OK.  Mathmatically challenged over here.  I figure there is approximately .85 oz of additional fat from the CM.   The recipe was only 1 pound.  How do I figure out what my superfat really is now?  How should I go about adjusting for this in the future?  Would I include the fat portion of the milk as part of my oil weight?  Or do less of a lye discount?  Thanks, for pointing this out.  I have read about milk fats changing your numbers but haven't given much thought to what it's doing to my soap or how I should adjust for it.  Help!!


----------



## ewenique (Oct 8, 2010)

After reading about 100% coconut oil, coconut milk as the liquid, and a 20% superfat, I had to try.  The soap is now curing...while I try to patiently wait!


----------



## cwarren (Oct 8, 2010)

cmd439 said:
			
		

> That sounds like a great recipe, I will have to give it a try.  Excuse me if this is a dumb question, but with 20% SF do you have to worry about DOS? :?:



I want to know too .. or do you use preservative


----------



## dubnica (Oct 8, 2010)

I was looking for coconut milk but I can't find it...where can I buy this stuff?


----------



## cmd439 (Oct 8, 2010)

dubnica said:
			
		

> I was looking for coconut milk but I can't find it...where can I buy this stuff?



I got canned coconut milk from Sun Harvest.  You could also look at the grocery store in the mexican section, just make sure it is pure coconut milk with no sugar added.  I also bought some powdered from here, but I have not tried to soap either yet. :x 

http://www.texasnaturalsupply.com/categ ... egoryID=47


----------



## nattynoo (Oct 8, 2010)

In australia the coconut milk is usually in our supermarket with all the curry type stuff. I buy mine in a tin.
Not sure for the US.

I do a coconut & lime eo scrub soap with coconut milk.
I add a few tbls of dessicated coconut at light trace.
I love it.


----------



## dubnica (Oct 9, 2010)

Oh that sounds great....
Thank you for suggestions where to look...I was looking in bakery section.


----------



## Hazel (Oct 9, 2010)

I found canned coconut milk at Walmart in the Asian food aisle. It worked great in my soap batches.


----------



## dubnica (Oct 9, 2010)

I got my coconut milk today   
Do I need to use fragrance with this?  Is the soap going to smell like coconut?  Can I sprinkle coconut flakes on top or can I mix some in?

Sorry for too many questions.......


----------



## dubnica (Oct 9, 2010)

I have to laugh at myself now.  You probabaly think I am retarted...I just opened the can of coconut milk and to my surprise it does not smell anything like coconut.  HA!  I just never used coconut milk before.  This shows me that even after 22 years of living in this country I still learn new things every day......


----------



## Hazel (Oct 9, 2010)

I've lived in this country all my life and I'm still learning new things every day.  :wink:  Also, I expected the milk to smell like coconut, too.   

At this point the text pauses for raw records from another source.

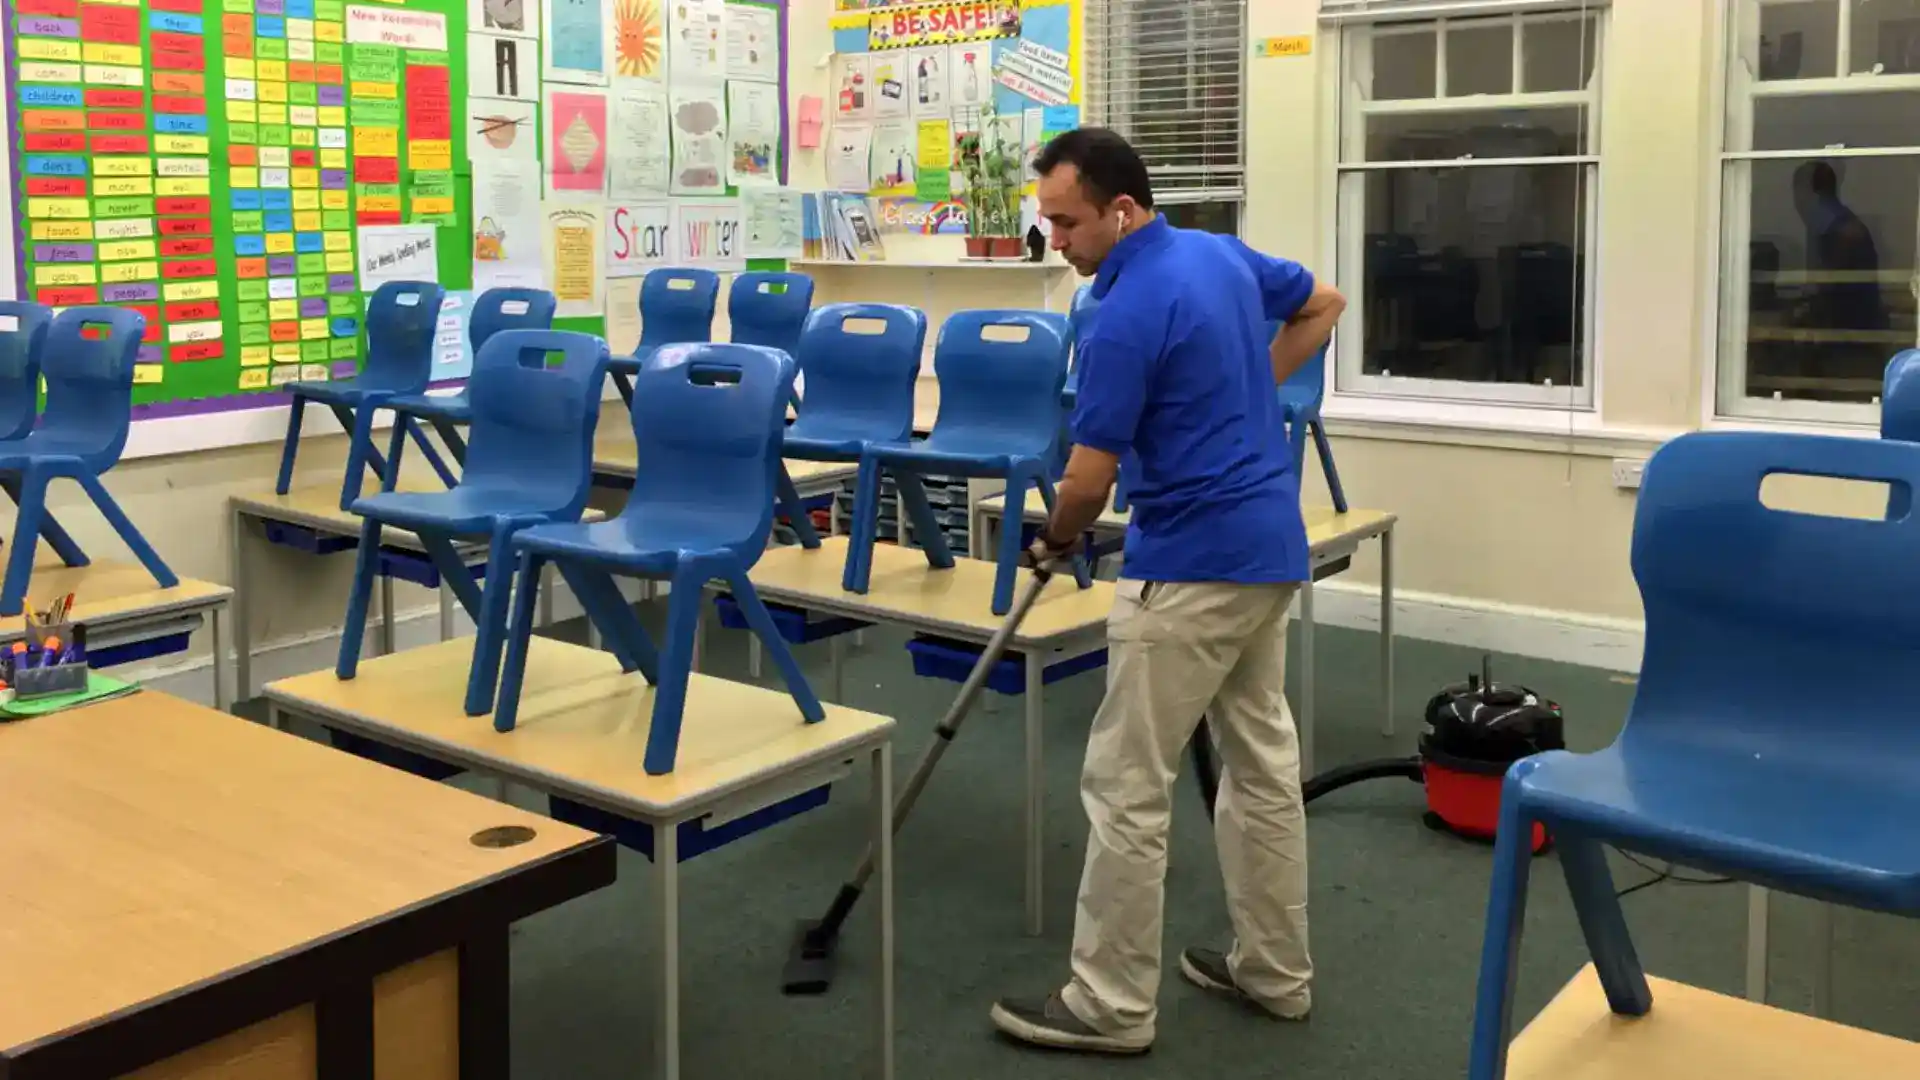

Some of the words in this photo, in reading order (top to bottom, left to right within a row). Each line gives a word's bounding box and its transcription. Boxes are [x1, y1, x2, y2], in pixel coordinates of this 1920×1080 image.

[893, 12, 921, 36] BE
[926, 4, 994, 33] SAFE!
[27, 90, 76, 104] children
[884, 204, 937, 226] Class
[613, 207, 668, 260] Star
[686, 216, 738, 258] wrter

Someone posted a pic that showed coconut on top of the soap. It was very pretty but I thought it wouldn't last long and all the coconut would go down the drain.

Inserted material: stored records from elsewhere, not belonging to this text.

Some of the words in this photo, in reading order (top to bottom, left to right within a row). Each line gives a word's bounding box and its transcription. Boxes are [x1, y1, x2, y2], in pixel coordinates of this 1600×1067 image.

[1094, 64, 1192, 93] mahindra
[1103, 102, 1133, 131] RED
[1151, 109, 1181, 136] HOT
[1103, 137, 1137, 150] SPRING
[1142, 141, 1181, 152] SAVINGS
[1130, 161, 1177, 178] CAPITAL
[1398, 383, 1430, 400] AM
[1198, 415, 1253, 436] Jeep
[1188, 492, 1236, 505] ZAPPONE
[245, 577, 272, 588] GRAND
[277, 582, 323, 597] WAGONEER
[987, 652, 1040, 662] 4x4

You could mix coconut in but I personally would save the coconut for eating. Do you want the soap to be exfoliating?


----------



## ewenique (Oct 12, 2010)

Did you know that you can make coconut milk? I haven't tried it yet, but hope to sometime.  

You can buy canned coconut milk or you can make your own.
> Unsweetened coconut flakes about 2.5 oz 
> 1 1/2 cups hot simmered water
> Cover coconut with hot water and stir.
> Let it cool down to room temp.
> Line strainer with cheese cloth,poor coconut/water into strainer, lift the cheeze cloth and squeeze out the milk.
> Use within 5 days or freeze.
> You can use a juicer also.


----------